First I put some effort into taxonomizing my posts. This has been a de facto data science blog for several years, and I’m not sure whether I’ll stick with that or branch out. Now, anybody who might want to hear what I say about about data science—but not other things—can head to the web page or RSS feed for that category and ignore everything else. If I start writing about home improvement projects, ham radio3, baseball, or whatever, I don’t have to feel like I’m letting anybody down. Next, I changed URIs so that they don’t contain date strings, and I tweaked the theme so that it would display things by update-order. I like writing how-tos (I do it often for work and personal projects) and I hope to share more of them here. But how-tos can quickly become stale, so I want to make it obvious which ones are and are not out-of-date and encourage myself to fix the former.
As web search feels less reliable, I’m using browser bookmarks more often. This reminded me to take the time to set up HTTP redirects for everything I moved, in the off chance that anybody does bookmark anything here. The RSS feeds4 also carry full posts, so folks don’t have to leave their reader if they don’t care to.
Finally, I updated the look. I’m using a slightly modified version of the readable theme for Hugo, which is itself built around the readable.css CSS framework.
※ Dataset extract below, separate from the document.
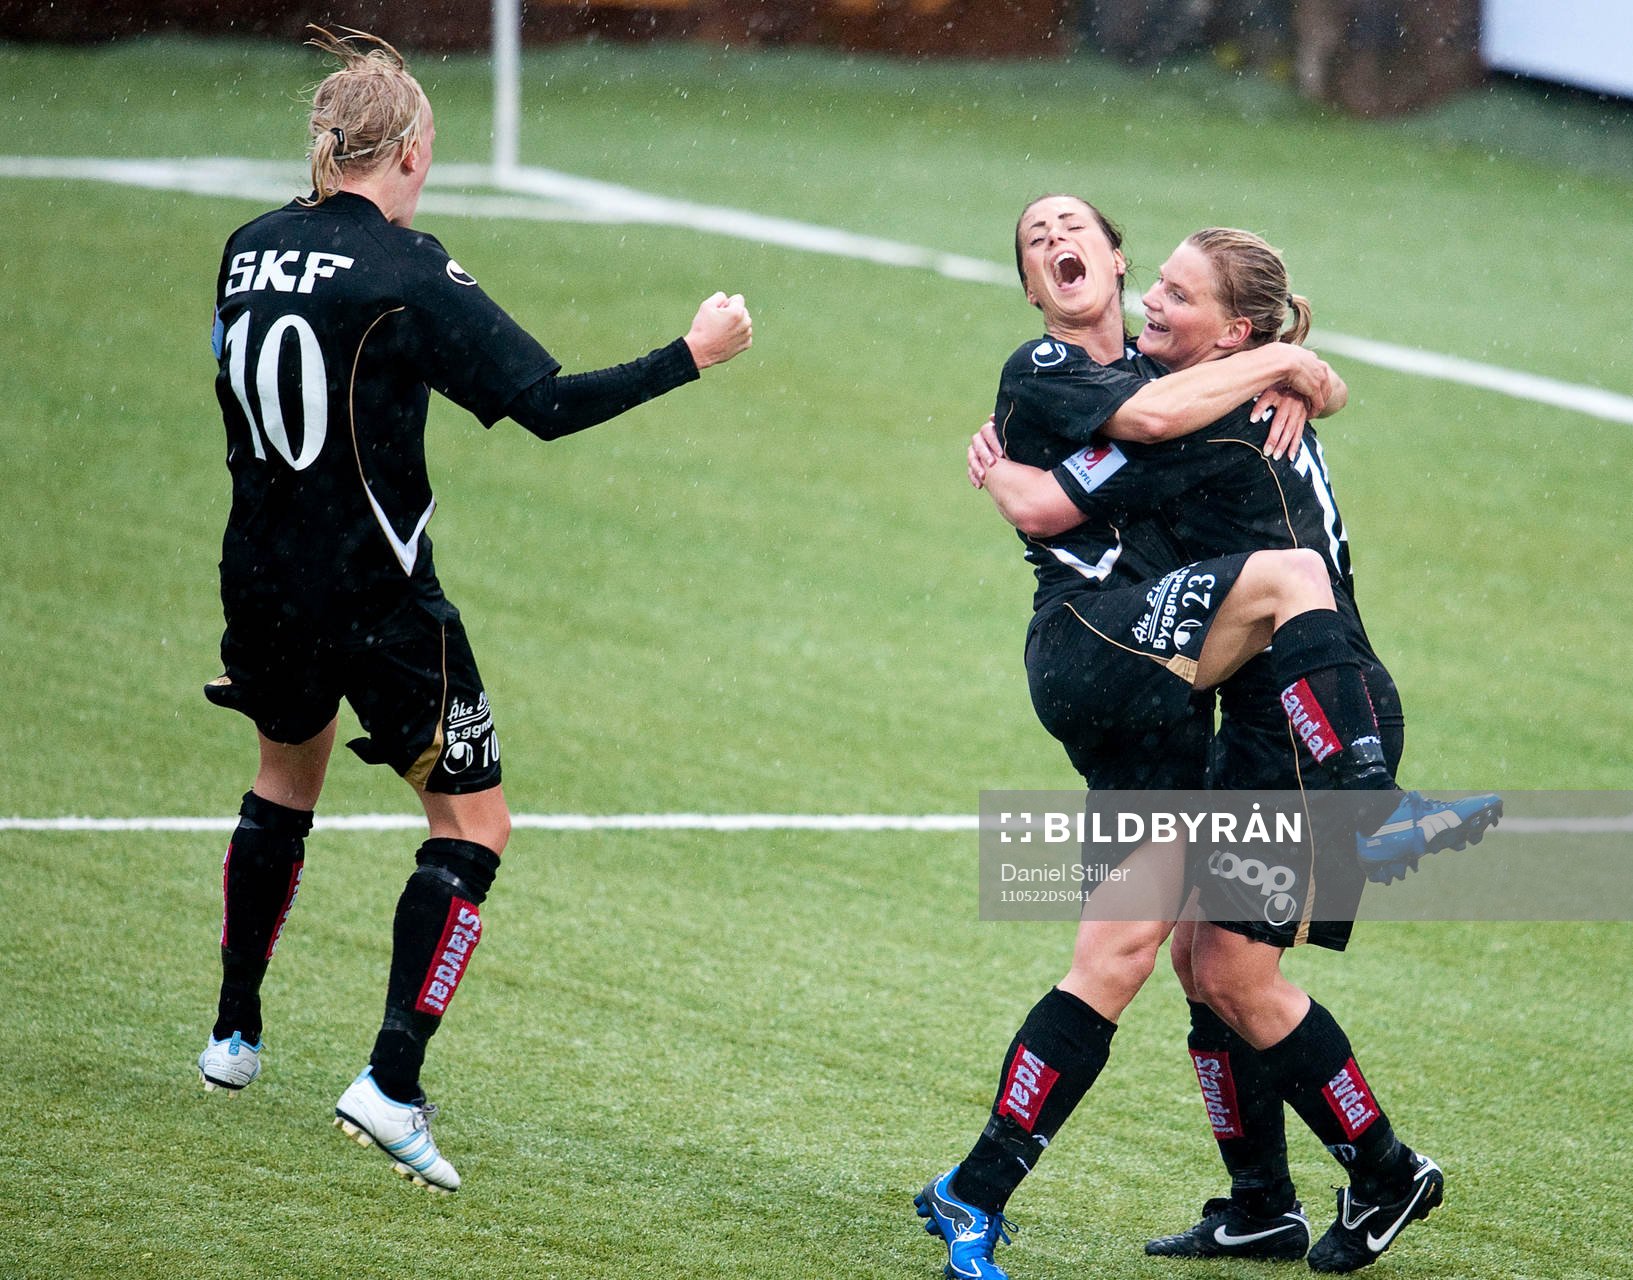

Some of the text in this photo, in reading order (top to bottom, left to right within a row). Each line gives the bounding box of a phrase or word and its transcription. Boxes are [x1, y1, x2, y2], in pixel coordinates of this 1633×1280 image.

I appreciate the philosophy of the project, and I think it looks nice too. I’m grateful to CJ and Benjamin for their efforts in leading these projects, and all the contributors for helping improve them.
Some of the above probably makes me sound like a curmudgeon, but the thing is: I still like the internet. A lot! The tradition of building personal websites where people can share their interests (and obsessions) has been one of the most charming and useful phenomena on the internet since its inception. I realize that I’ll never really be “a blogger”, and that’s fine. I don’t have to post regularly or “develop an audience” in order to participate in this tradition.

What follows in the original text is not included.